Now, though, time for Countdown's top three newsmakers of this day.

Number three, Harlan Ullman at the Center for Strategic and International Studies. A woman charged with running an upscale escort service in Washington said she would begin identifying her most well-known clients. Mr. Ullman, who responded with a no comment, is first. What is he well known first - for, rather? He is the principal architect of the strategy for the invasion of Iraq, called shock and awe.

Number two, the Beijing Olympic Committee, still hard at work correcting the hilariously too-literal Chinese-to-English translations on public signs and menus and such in preparation for the Olympics there next summer. It says it's now fixed 6,500 traffic signs and is moving on to the restaurant menus, where the English translations now offer such delights as Fried Crap, Cow Bowel in Sauce, Acid Food, and, of course, Corrugated Iron Beef.

And number one, Elliott Ness, the untouchable guy.

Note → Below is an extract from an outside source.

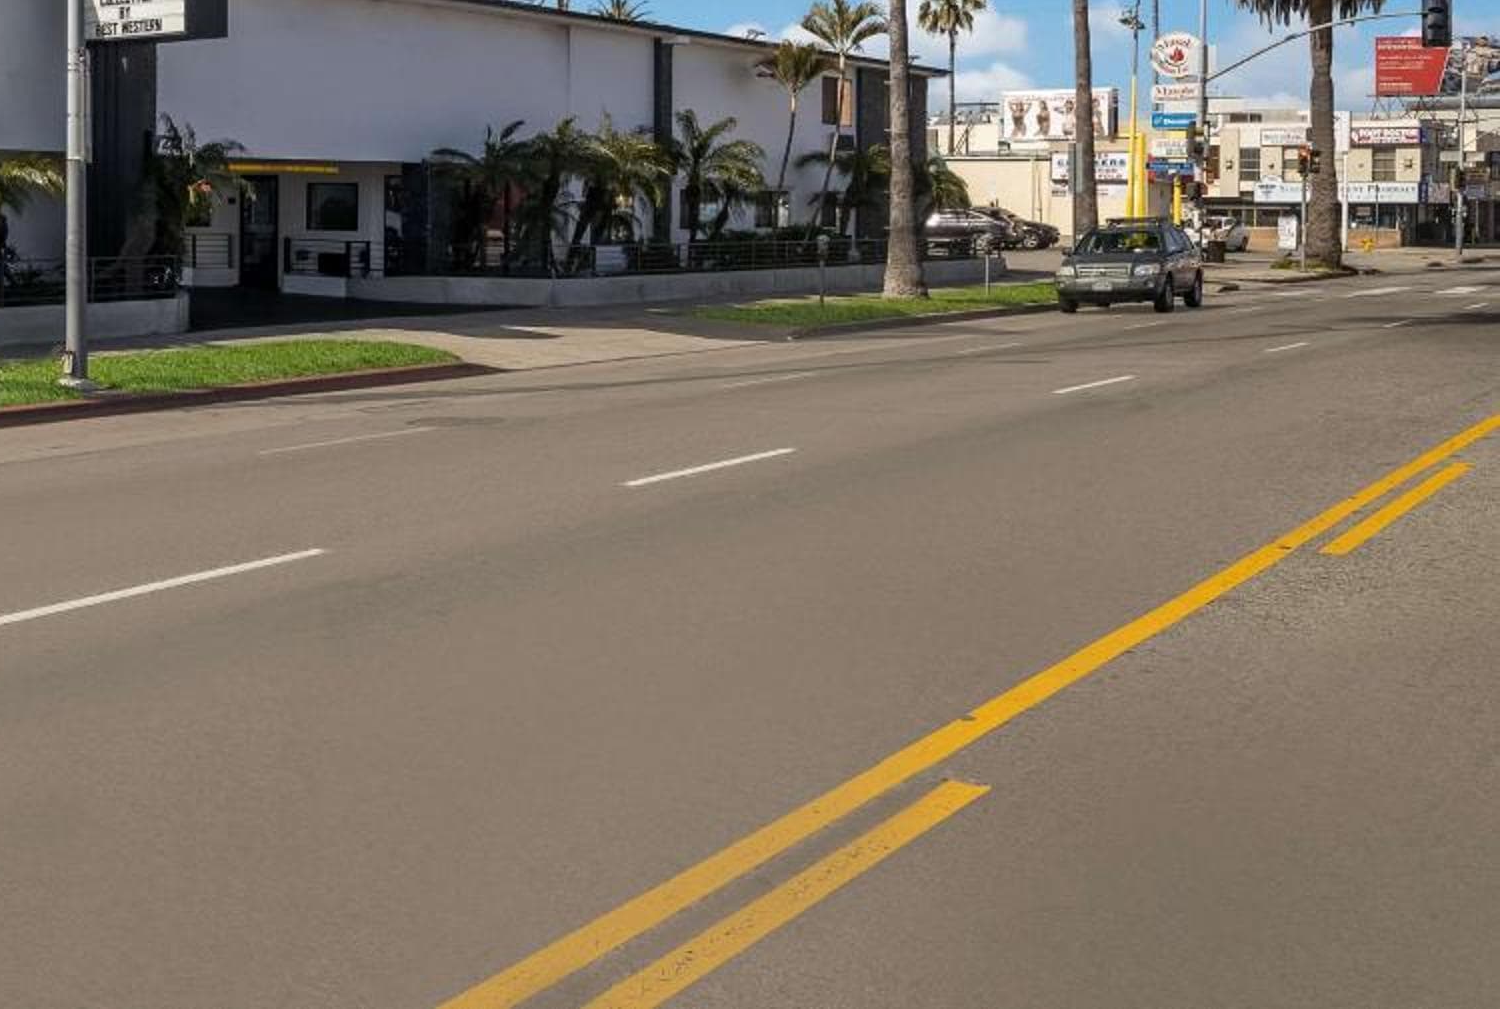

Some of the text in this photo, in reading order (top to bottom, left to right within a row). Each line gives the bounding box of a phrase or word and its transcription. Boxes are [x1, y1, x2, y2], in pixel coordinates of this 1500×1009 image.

[119, 7, 131, 20] BY
[96, 19, 163, 37] BEST WESTERN

There's a plaque at police headquarters in Cleveland honoring his time there as Cleveland's director of public safety. Well, there was a plaque. Somebody stole it.

(COMMERCIAL BREAK)

OLBERMANN: For the first time in 30 years, Don Imus can sleep in on Fridays. How well he slept, known but to him.

In our third story tonight, Imus met with the Rutgers basketball team last night, just hours after CBS fired him. Over the past week, the outrage after he called the team "nappy-headed hos" thrust two of the world's biggest media companies, CBS's parent, Viacom, and our parent, NBC Universal, into the center of a national debate over the language racism and sexism, the politics of power and the airwaves.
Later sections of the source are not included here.